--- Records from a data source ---
^^^^^^^^

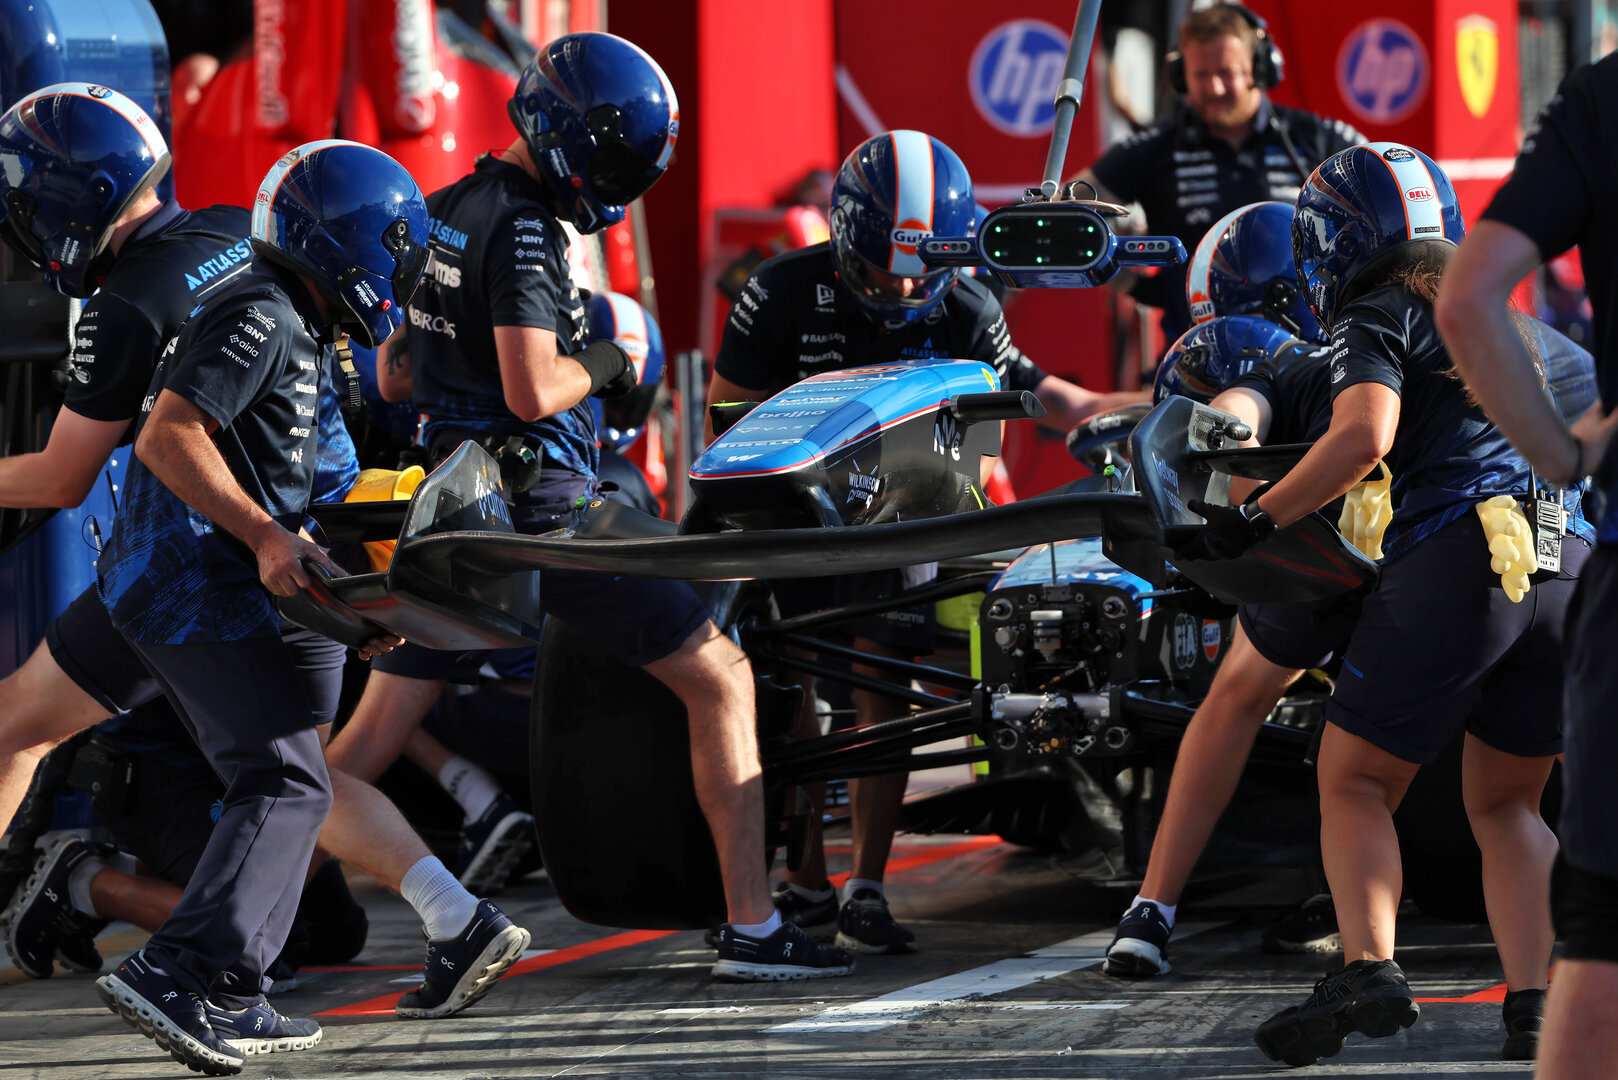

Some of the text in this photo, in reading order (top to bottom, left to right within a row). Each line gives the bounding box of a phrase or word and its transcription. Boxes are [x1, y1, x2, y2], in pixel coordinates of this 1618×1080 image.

[989, 23, 1066, 132] hp
[1352, 24, 1415, 120] hp
[1409, 190, 1431, 199] BELL
[521, 235, 544, 245] BNY
[893, 230, 931, 243] Gul
[1190, 302, 1213, 317] Gulf
[243, 323, 268, 343] BNY
[220, 346, 250, 369] nuveen
[238, 339, 259, 358] airia
[1175, 624, 1197, 657] FIA
[1202, 626, 1219, 643] Gulf

^^^^^^^^

--- Directions ---
Word for word, set down each record shown above, omitting the pictures.

--- Your solution ---
Some of the text in this photo, in reading order (top to bottom, left to right within a row). Each line gives the bounding box of a phrase or word and its transcription. Boxes are [x1, y1, x2, y2], in pixel coordinates of this 1618×1080 image.

[989, 23, 1066, 132] hp
[1352, 24, 1415, 120] hp
[1409, 190, 1431, 199] BELL
[521, 235, 544, 245] BNY
[893, 230, 931, 243] Gul
[1190, 302, 1213, 317] Gulf
[243, 323, 268, 343] BNY
[220, 346, 250, 369] nuveen
[238, 339, 259, 358] airia
[1175, 624, 1197, 657] FIA
[1202, 626, 1219, 643] Gulf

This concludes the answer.